Counsel for appellant contended, ■in substance, in their reply brief that it was the theory of counsel for respondent, and so understood by the trial court, in the trial of the cause, that Corea was a vice principal solely because the handling of the dynamite by him was a nondelegable duty, and that counsel for respondent did not rely upon Corea’s authority of superintendence and control as a ground of his vice principal-ship. It is now insisted that counsel for respondent should not be permitted to change their theory and rely upon the latter ground as well as the former. It is true that the trial court seems to have instructed the jury upon the theory first mentioned, and practically ignored the second. But it is not entirely clear from the record' that respondent has not at all times also relied upon both grounds to show Corea’s vice principalship. This matter might be of some concern here if we were only considering questions of error calling for a new trial.
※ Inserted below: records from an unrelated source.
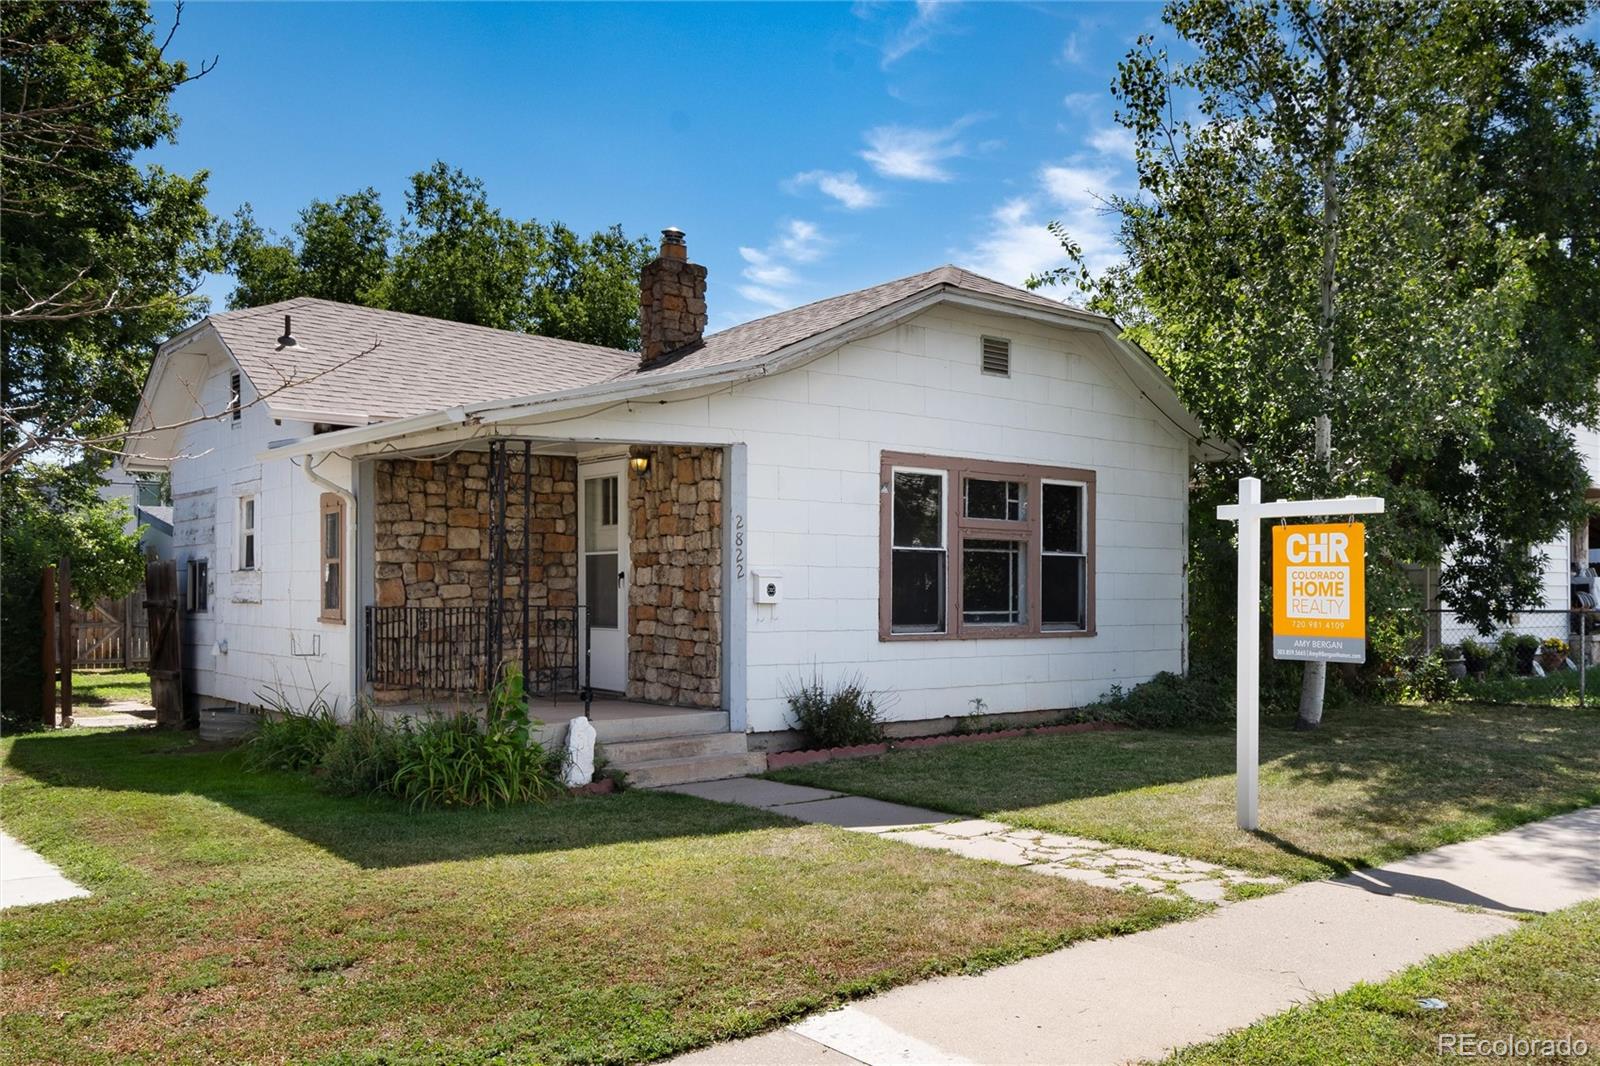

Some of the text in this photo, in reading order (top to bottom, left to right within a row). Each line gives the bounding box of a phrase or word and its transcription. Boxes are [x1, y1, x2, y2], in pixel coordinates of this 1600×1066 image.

[735, 514, 744, 579] 2822
[1287, 533, 1349, 563] CHR
[1292, 571, 1344, 580] COLORADO
[1293, 582, 1344, 597] HOME
[1292, 599, 1344, 614] REALTY
[1294, 640, 1343, 649] AMY BERGAN
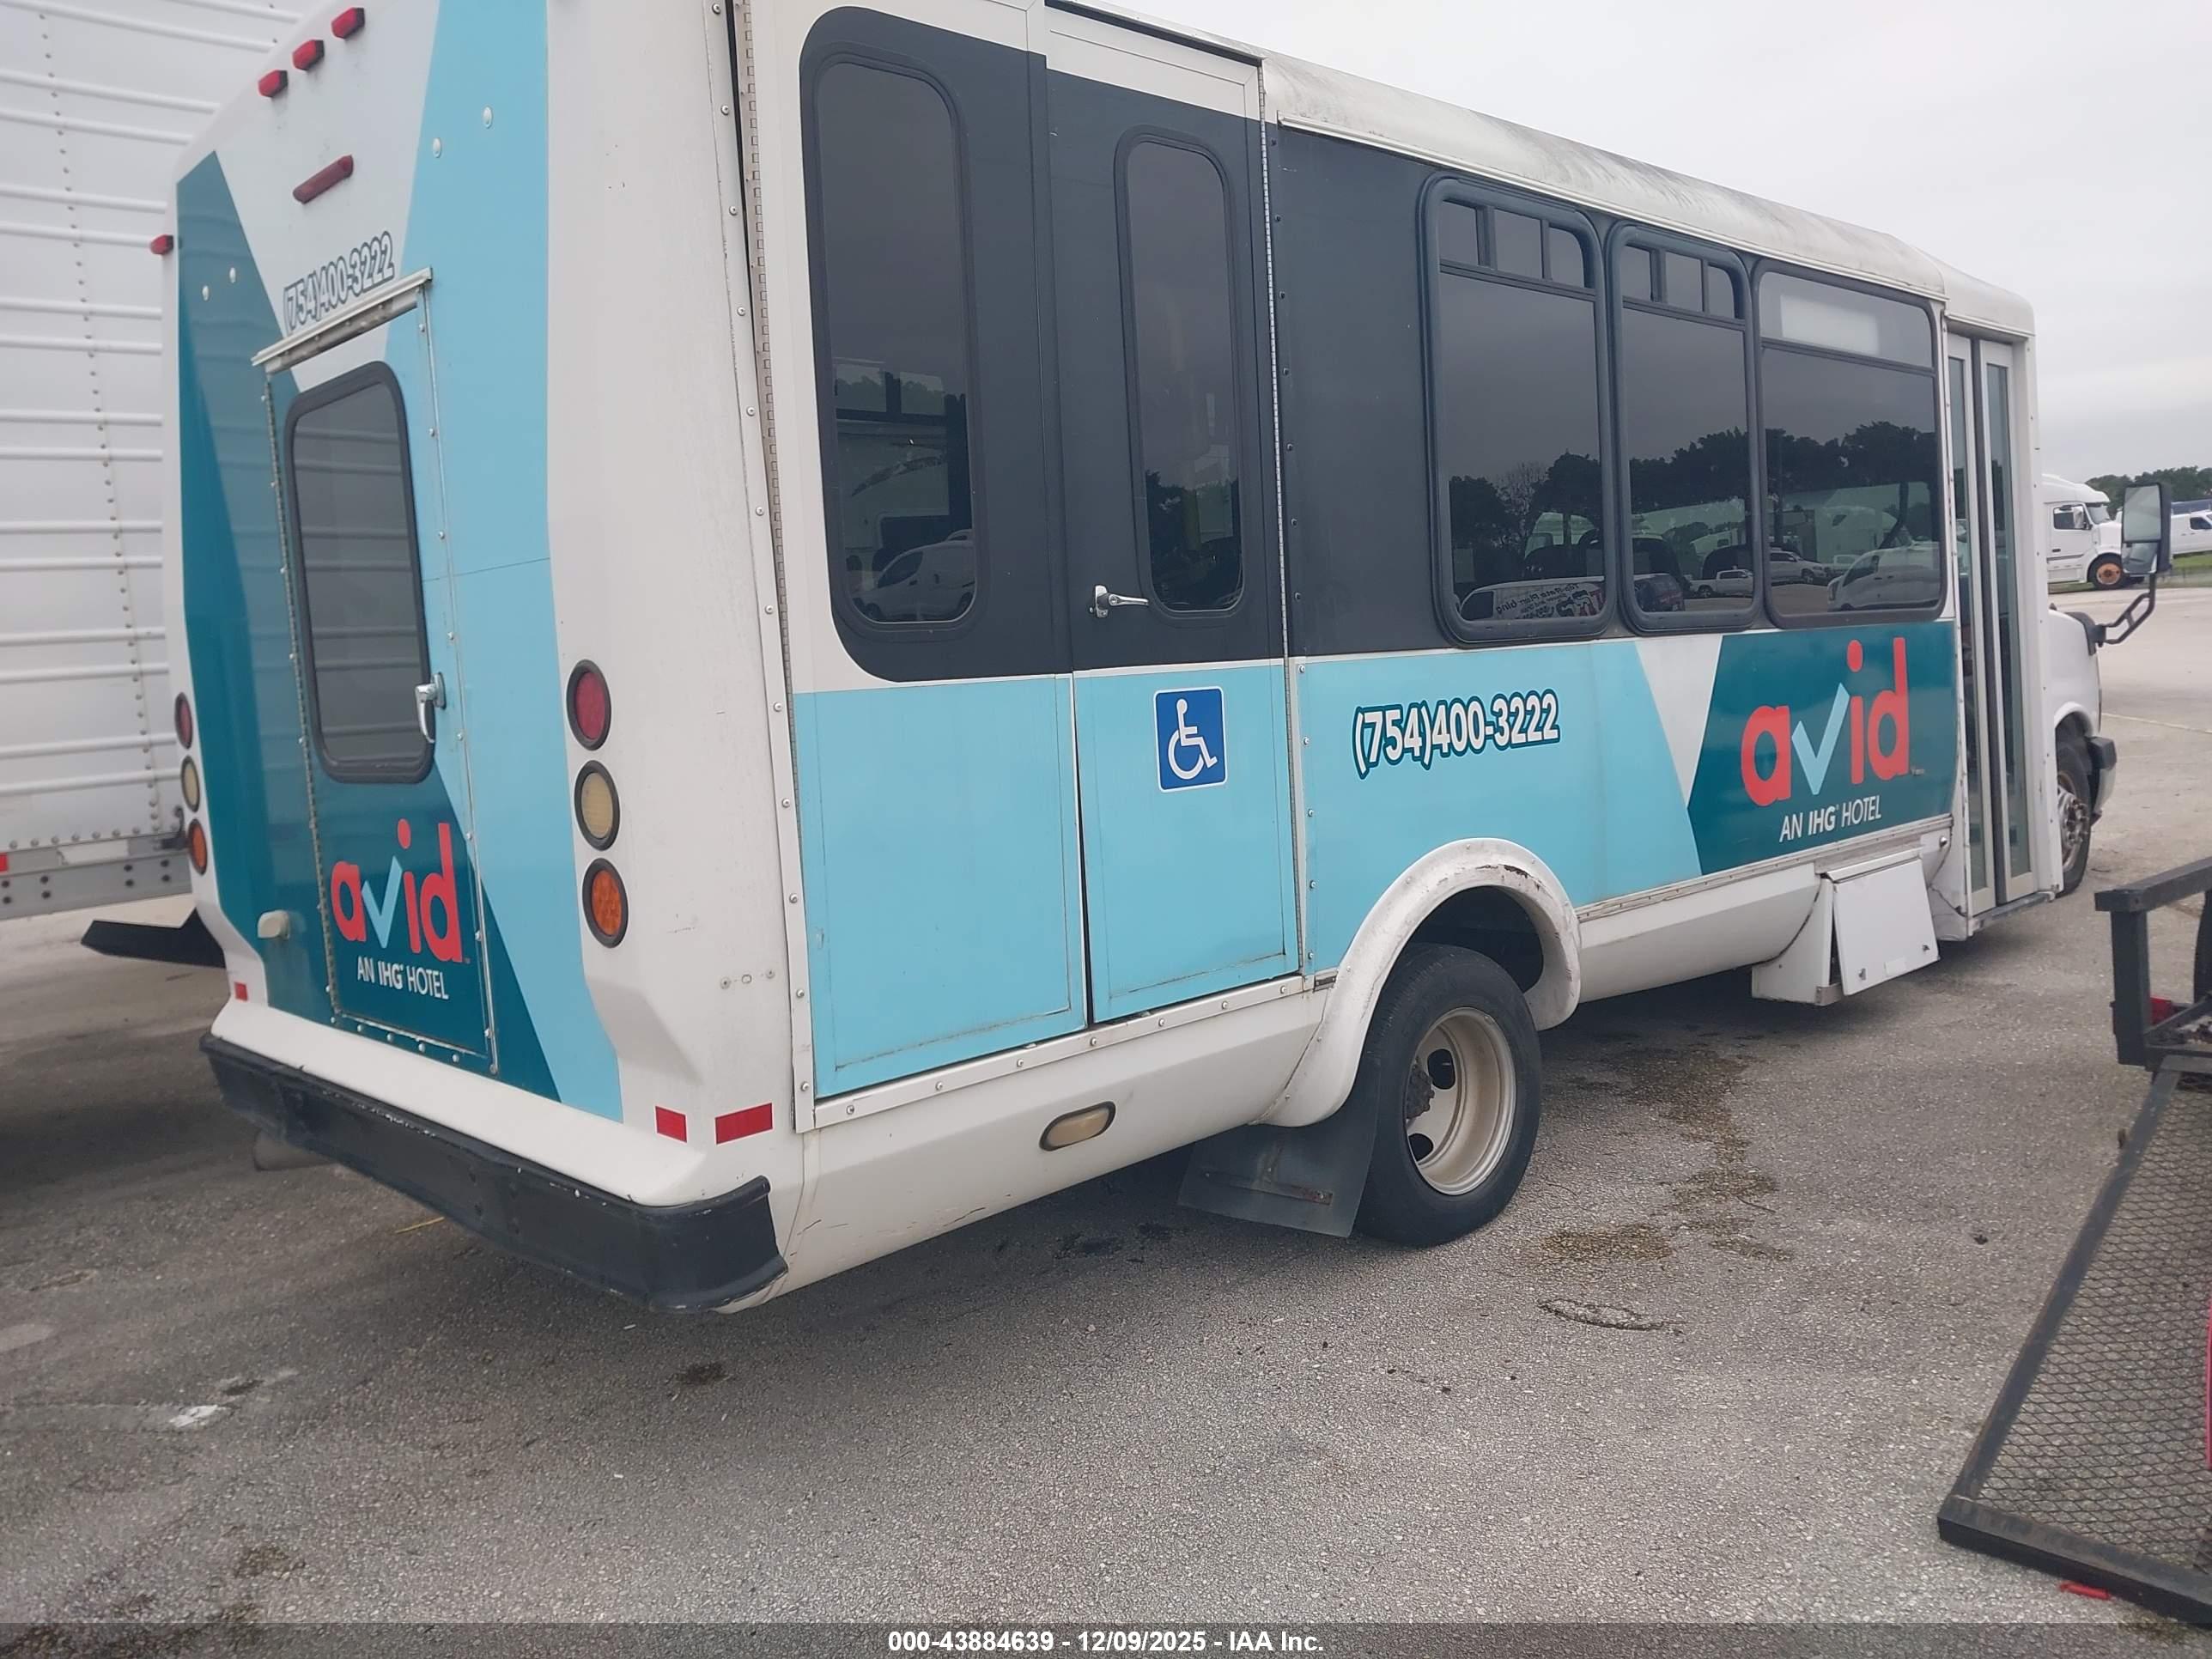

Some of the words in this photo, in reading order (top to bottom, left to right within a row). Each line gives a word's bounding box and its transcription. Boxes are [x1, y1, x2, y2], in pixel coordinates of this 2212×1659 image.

[283, 230, 395, 335] (754)400-3222
[1352, 688, 1561, 780] (754)400-3222
[1741, 636, 1910, 807] avid
[1778, 811, 1803, 843] AN
[1841, 794, 1882, 829] HOTEL
[330, 818, 463, 963] avid
[356, 955, 375, 984] AN
[406, 965, 450, 1000] HOTEL
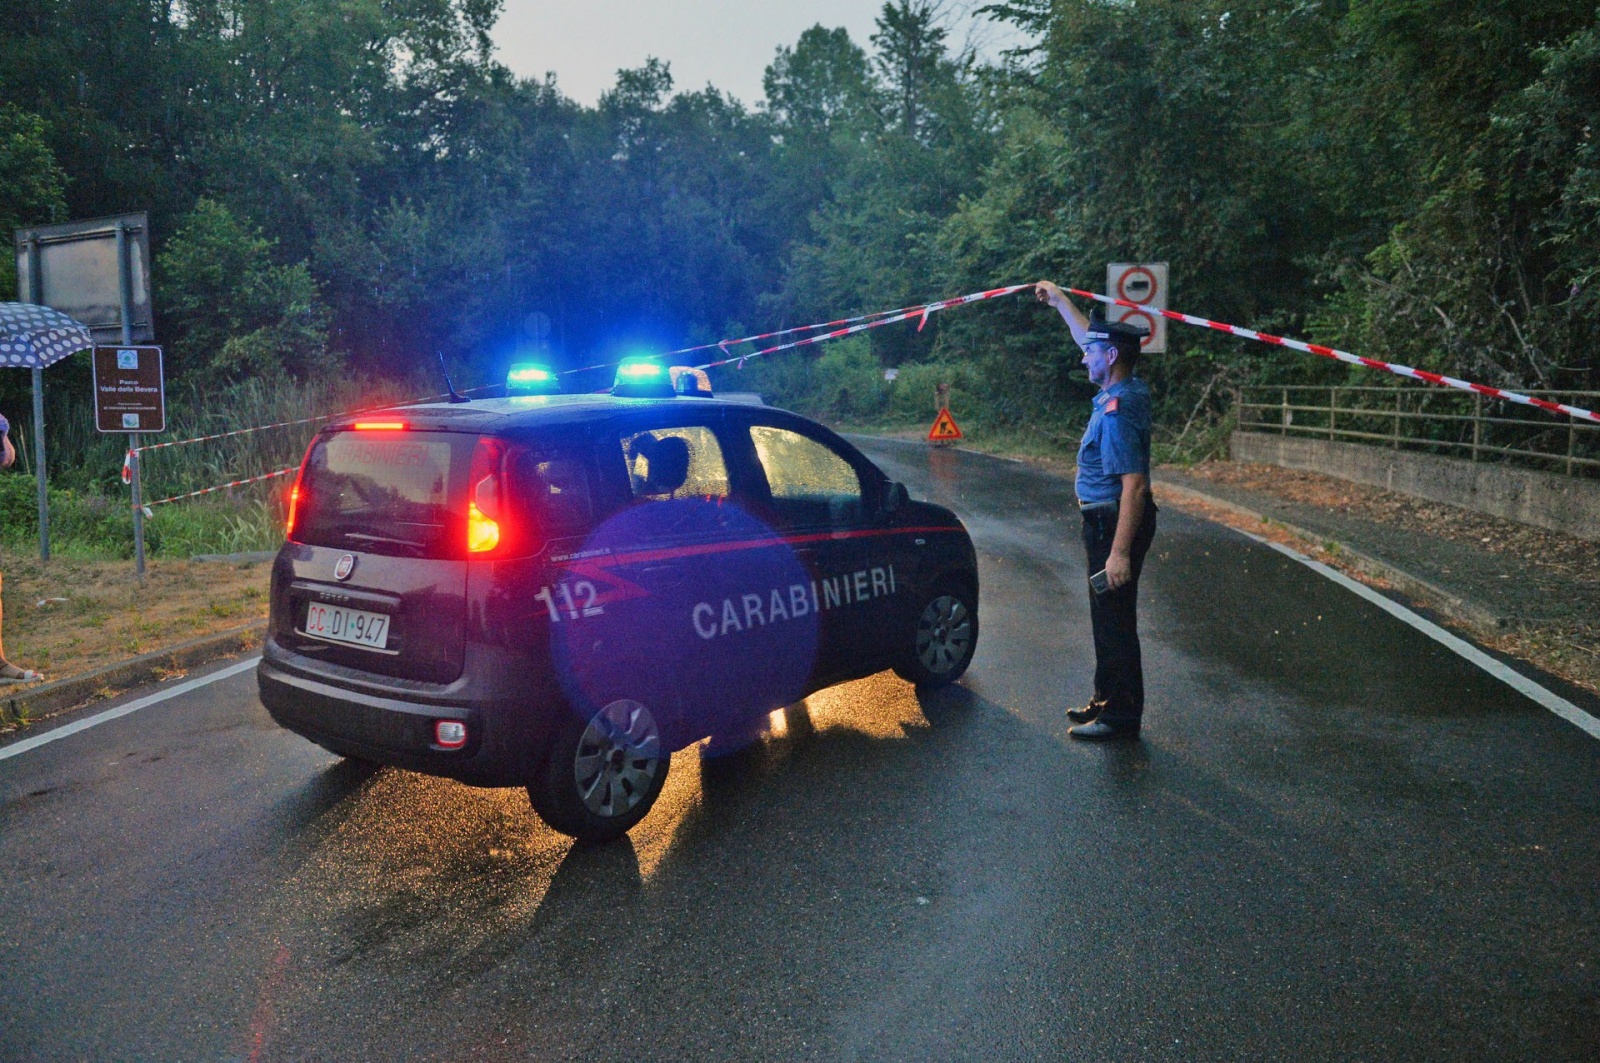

We have noticed that counsel for appellant have expressly waived all such errors and given us to understand that they did not want a new trial. Our concern here is to see whether or not the evidence as a whole warrants the conclusion that Corea was a vice principal. We think we are not called upon to confine respondent’s counsel to any particular theory claimed by appellant’s counsel to have been adopted upon the trial of the cause. Since the evidence supports the argument here made in respondent’s behalf, based upon the theory of superintendence and control to show Corea’s vice principalship, we do not feel warranted in ex-*400eluding such theory simply because the trial court may have committed error in its instructions to the jury upon the theory of nondelegable duty, even though the trial court may have thereby indicated that no other theory of Corea’s vice principalship was involved in the case. It is quite immaterial, under these circumstances, how the court instructed the jury. Such instructions might or might not result in a new trial, but would not- determine the question of whether or not the evidence supports the verdict and judgment.
The judgment is affirmed.
Dunbar, C. J., Fullerton, and Gose, JJ., concur.